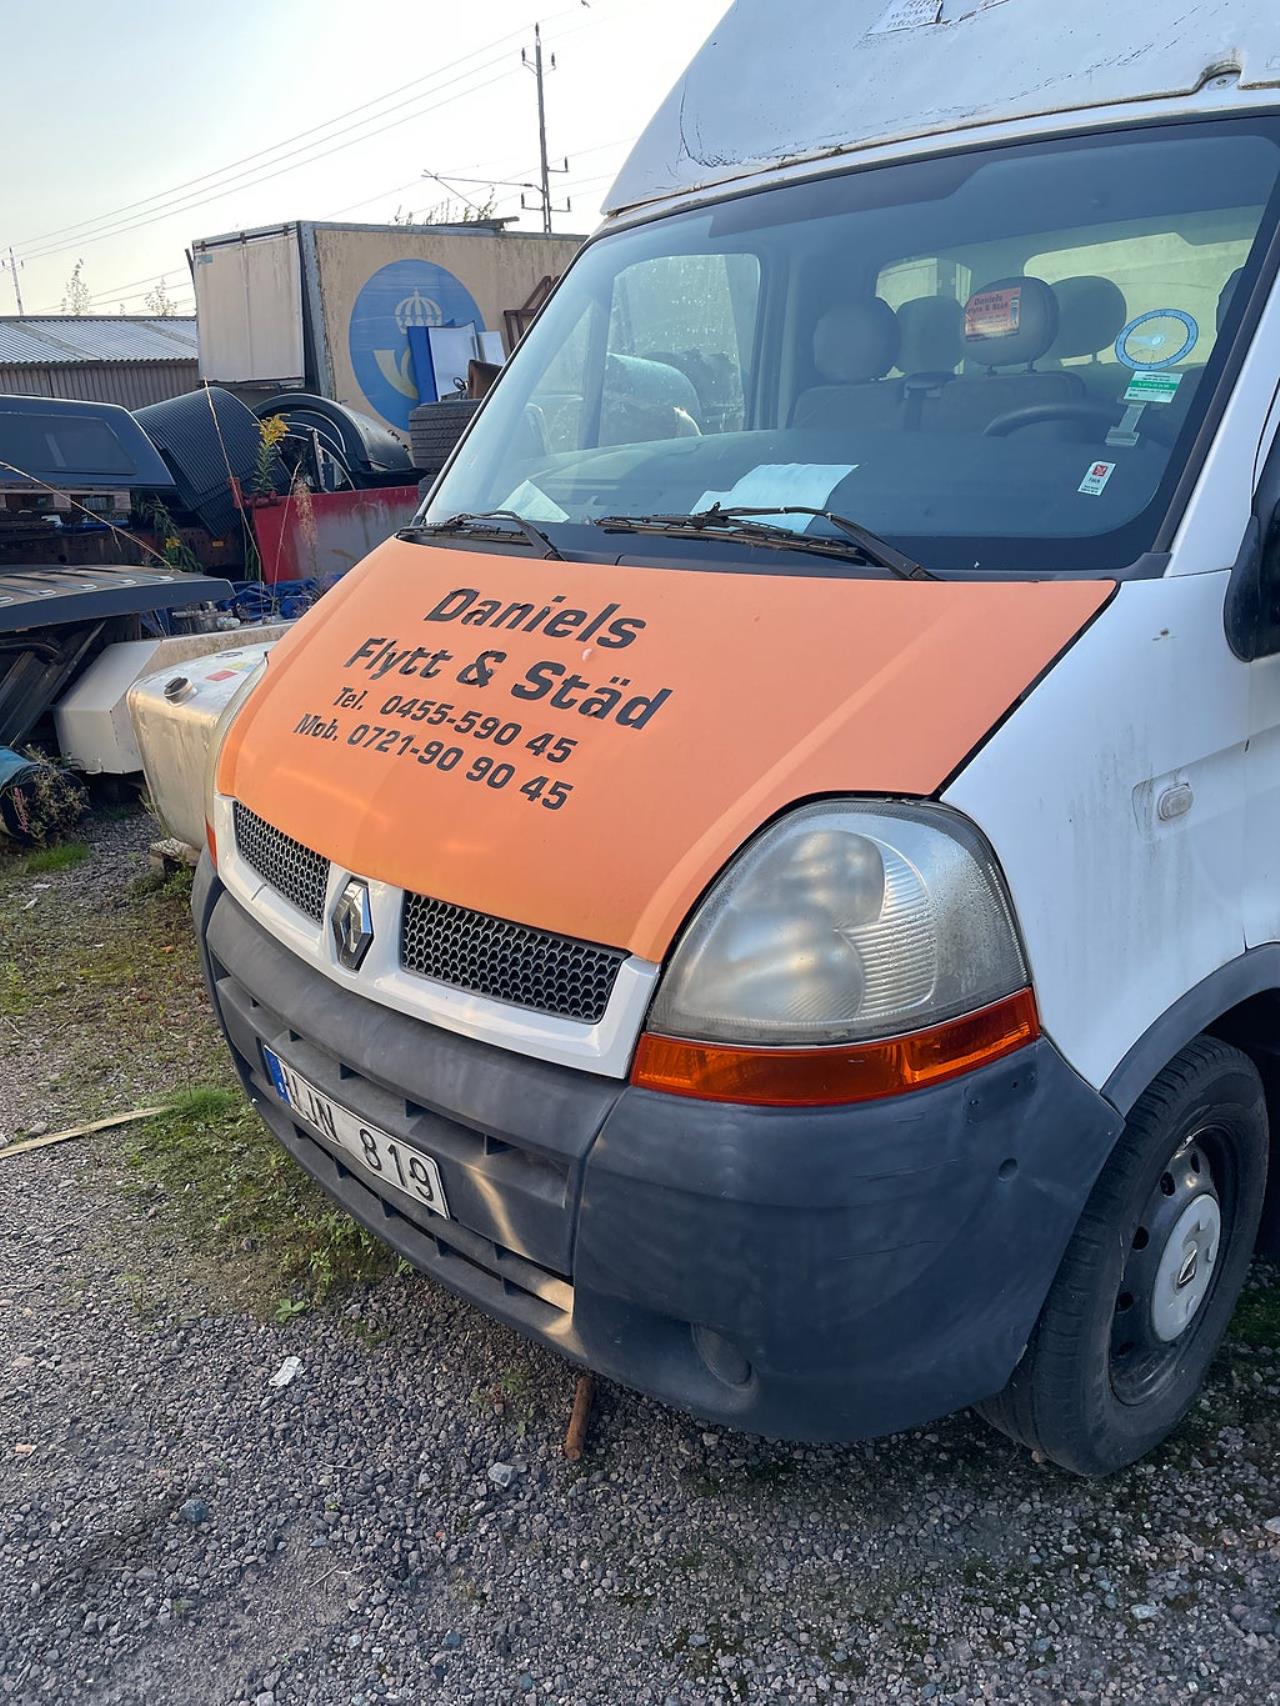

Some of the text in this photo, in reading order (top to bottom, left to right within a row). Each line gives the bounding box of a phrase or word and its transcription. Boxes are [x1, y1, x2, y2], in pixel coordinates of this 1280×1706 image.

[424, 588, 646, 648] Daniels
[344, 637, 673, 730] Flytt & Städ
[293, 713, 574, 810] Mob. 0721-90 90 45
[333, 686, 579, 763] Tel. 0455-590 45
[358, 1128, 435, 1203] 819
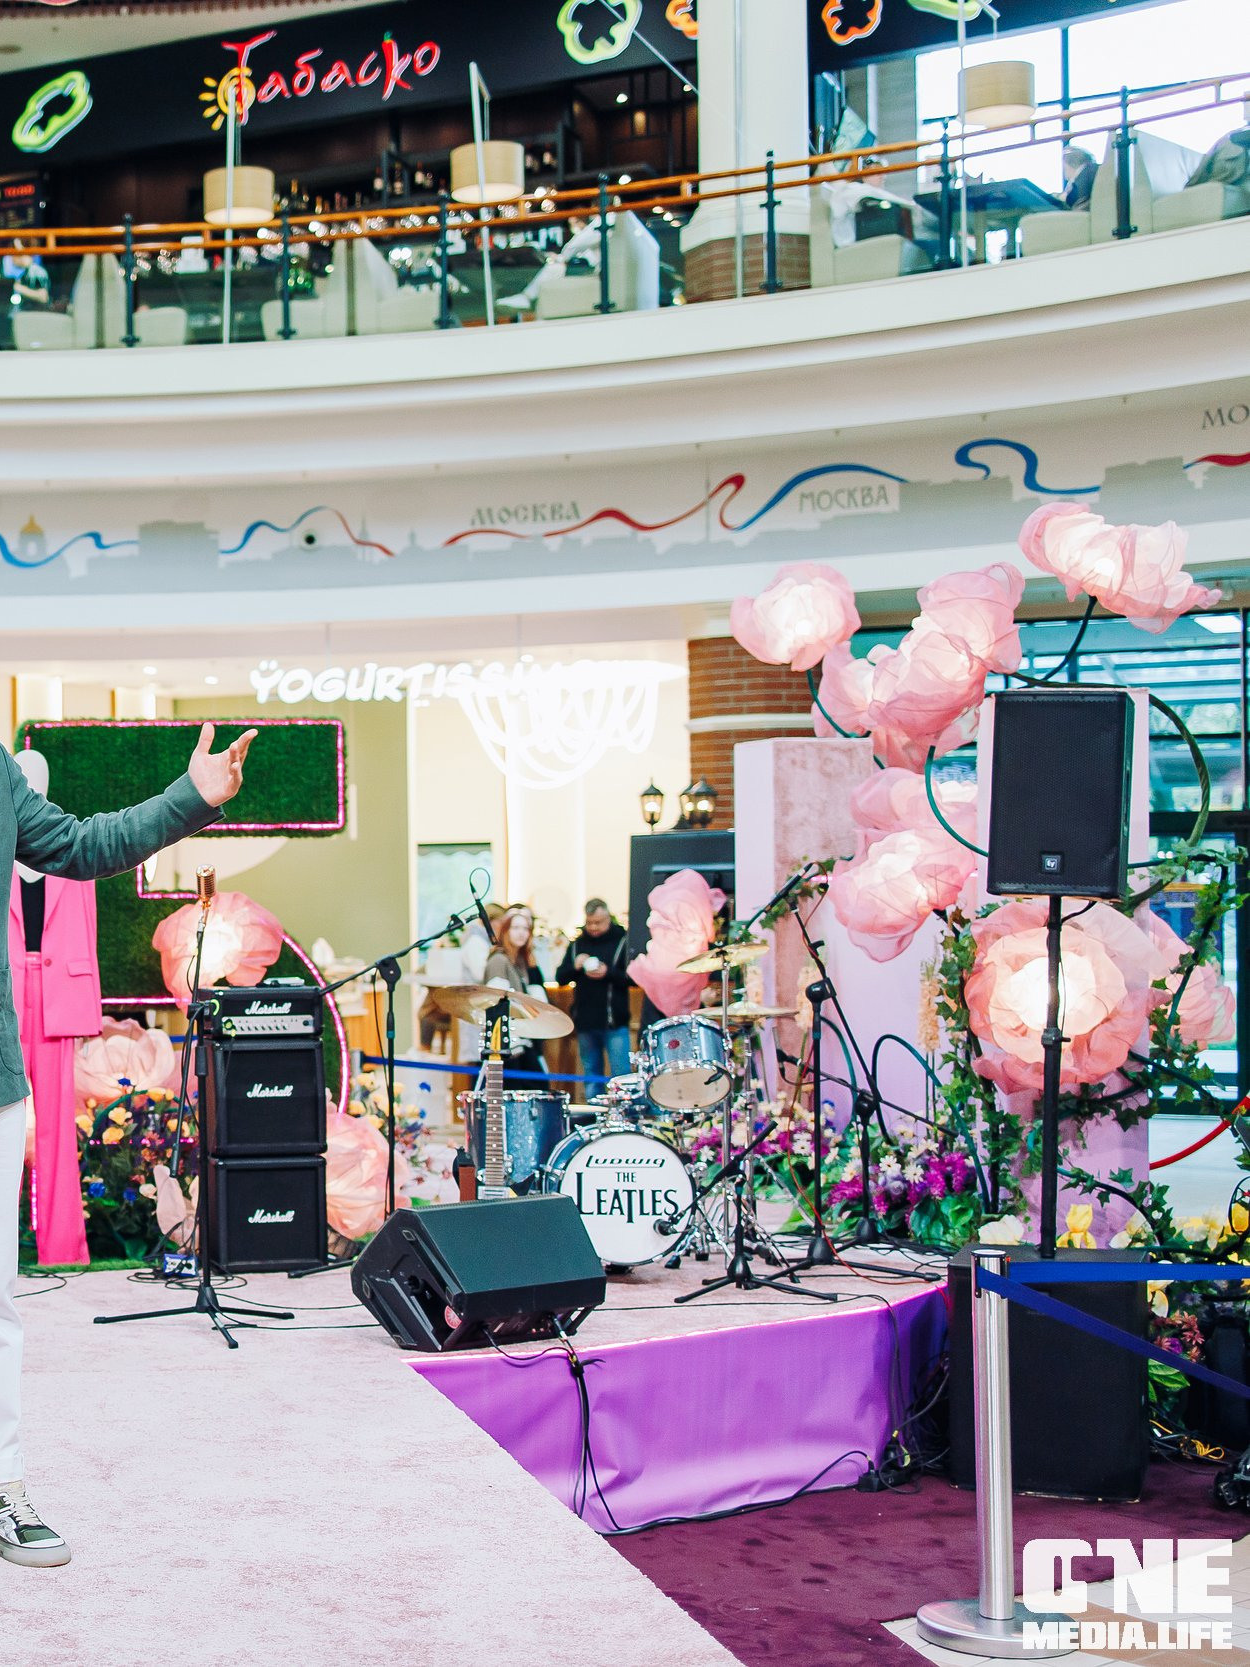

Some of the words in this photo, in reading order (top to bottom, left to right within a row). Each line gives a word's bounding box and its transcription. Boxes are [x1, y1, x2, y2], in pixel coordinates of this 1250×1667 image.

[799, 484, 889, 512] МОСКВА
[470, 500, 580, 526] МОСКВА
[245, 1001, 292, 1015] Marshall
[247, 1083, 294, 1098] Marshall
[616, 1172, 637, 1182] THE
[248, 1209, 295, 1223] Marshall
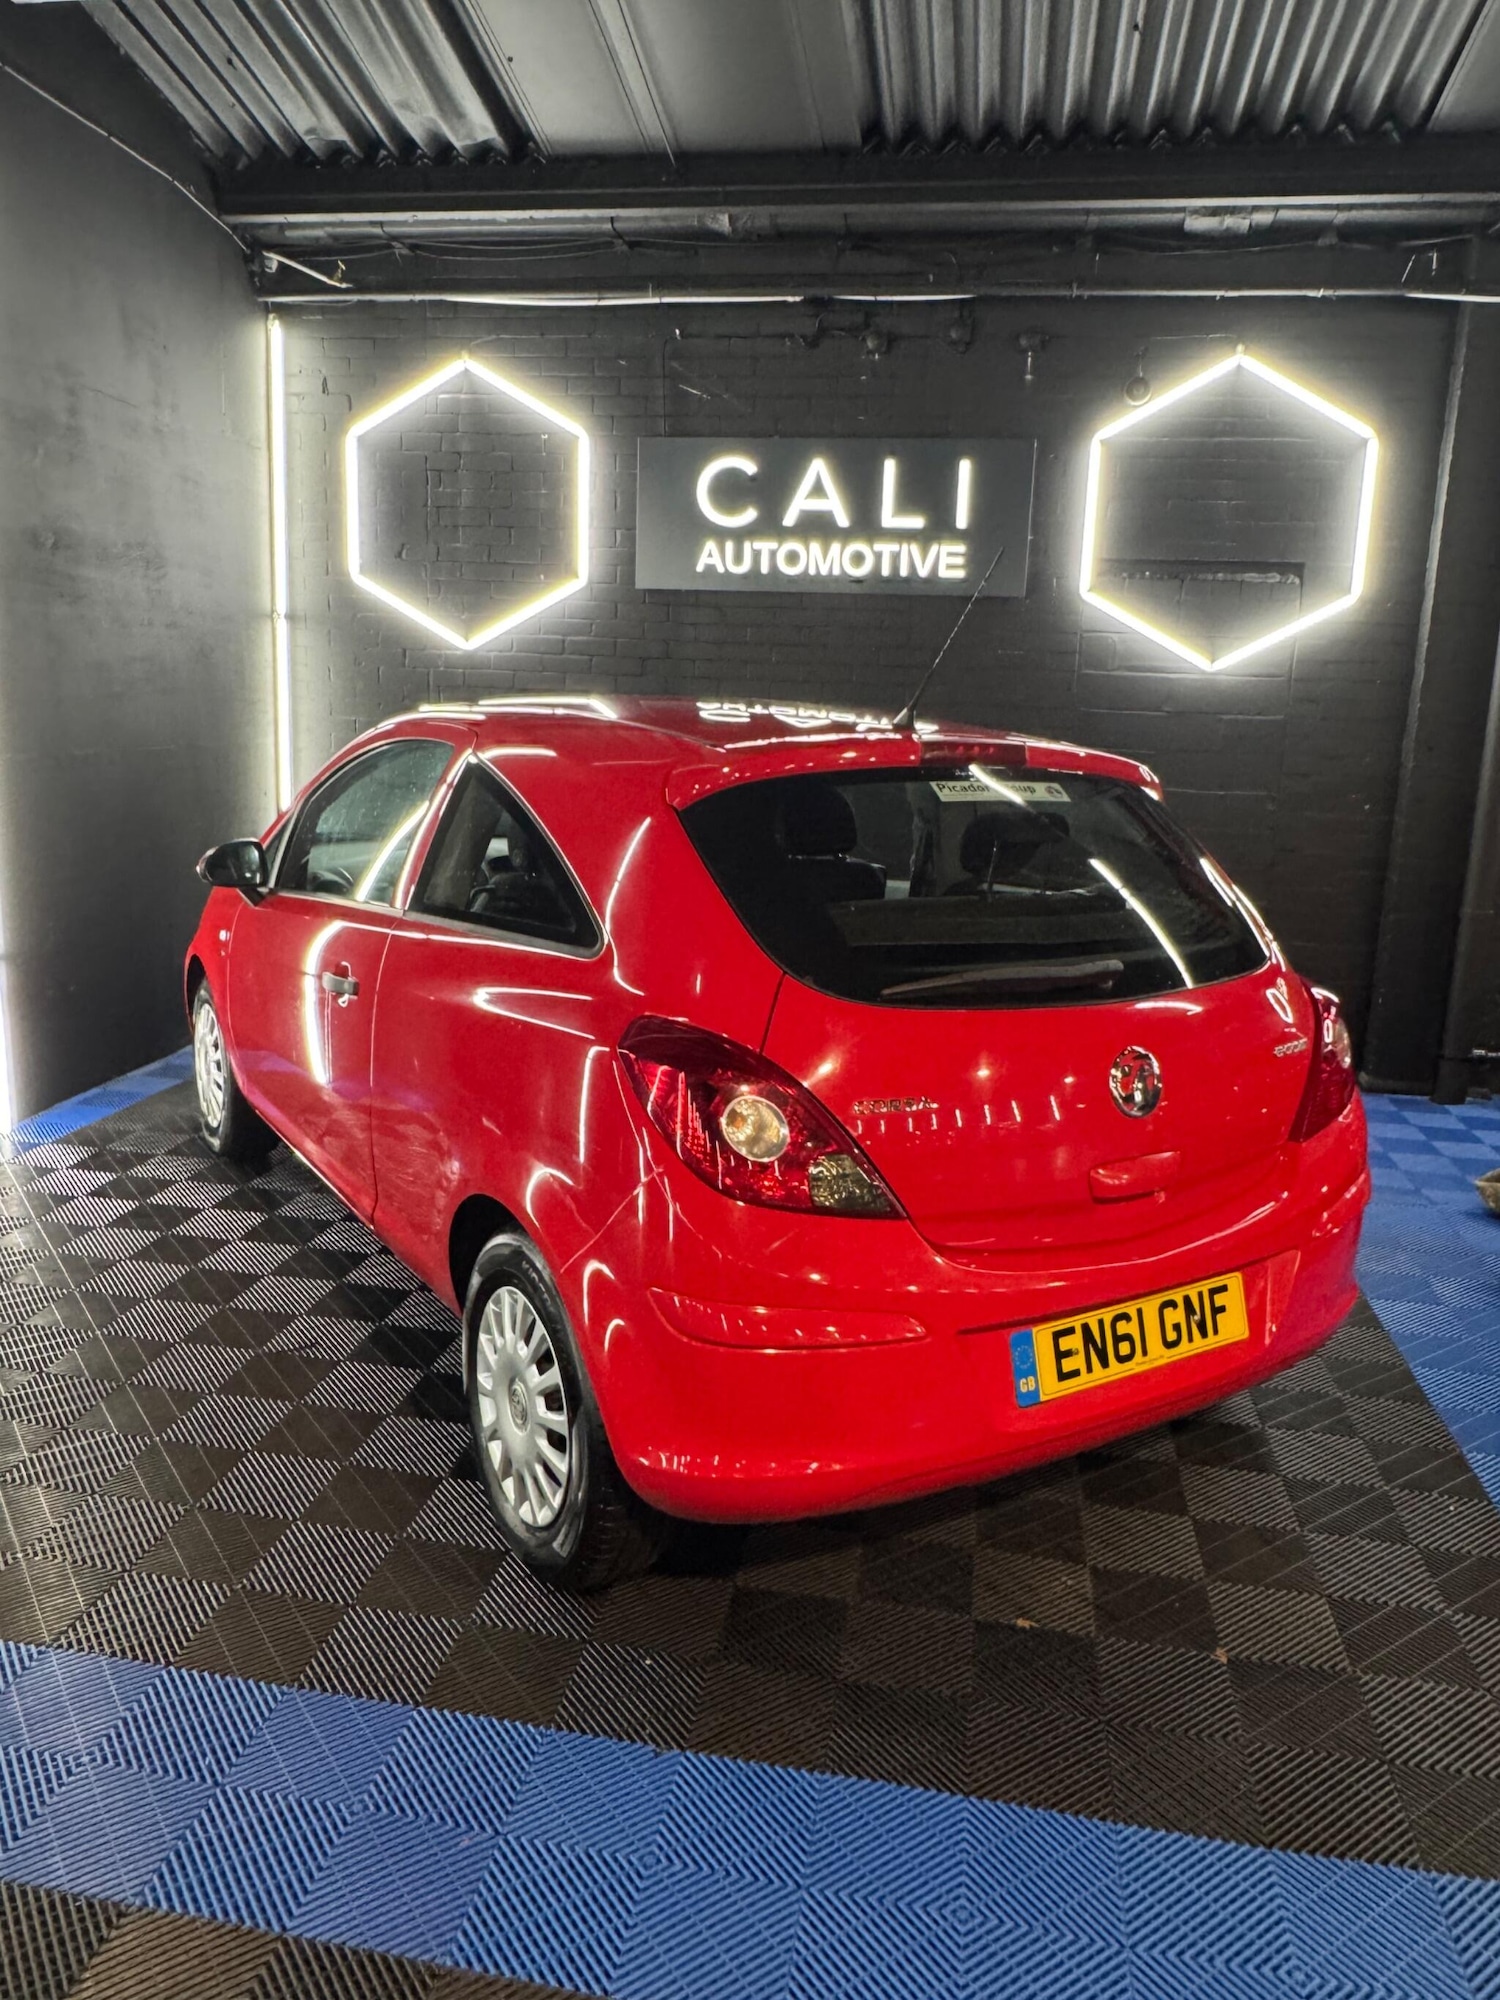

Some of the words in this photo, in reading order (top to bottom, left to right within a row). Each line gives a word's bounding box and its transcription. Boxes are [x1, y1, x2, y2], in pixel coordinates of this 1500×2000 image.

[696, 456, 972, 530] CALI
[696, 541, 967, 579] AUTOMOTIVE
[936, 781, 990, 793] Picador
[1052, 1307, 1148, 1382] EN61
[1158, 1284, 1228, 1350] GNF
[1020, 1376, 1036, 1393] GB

---------------

### Required work:
Taking each record in turn, retype it exactly and drop any picture.

### Result of this exercise:
Some of the text in this photo, in reading order (top to bottom, left to right within a row). Each line gives the bounding box of a phrase or word and its transcription. Boxes are [x1, y1, x2, y2], in pixel coordinates of this 1280×1706 image.

[424, 588, 646, 648] Daniels
[344, 637, 673, 730] Flytt & Städ
[293, 713, 574, 810] Mob. 0721-90 90 45
[333, 686, 579, 763] Tel. 0455-590 45
[358, 1128, 435, 1203] 819

Some of the words in this photo, in reading order (top to bottom, left to right within a row). Each line gives a word's bounding box and its transcription. Boxes are [x1, y1, x2, y2], in pixel coordinates of this 1250×1667 image.

[799, 484, 889, 512] МОСКВА
[470, 500, 580, 526] МОСКВА
[245, 1001, 292, 1015] Marshall
[247, 1083, 294, 1098] Marshall
[616, 1172, 637, 1182] THE
[248, 1209, 295, 1223] Marshall

Some of the words in this photo, in reading order (top to bottom, left to right within a row). Each line gives a word's bounding box and its transcription. Boxes are [x1, y1, x2, y2], in pixel coordinates of this 1500×2000 image.

[696, 456, 972, 530] CALI
[696, 541, 967, 579] AUTOMOTIVE
[936, 781, 990, 793] Picador
[1052, 1307, 1148, 1382] EN61
[1158, 1284, 1228, 1350] GNF
[1020, 1376, 1036, 1393] GB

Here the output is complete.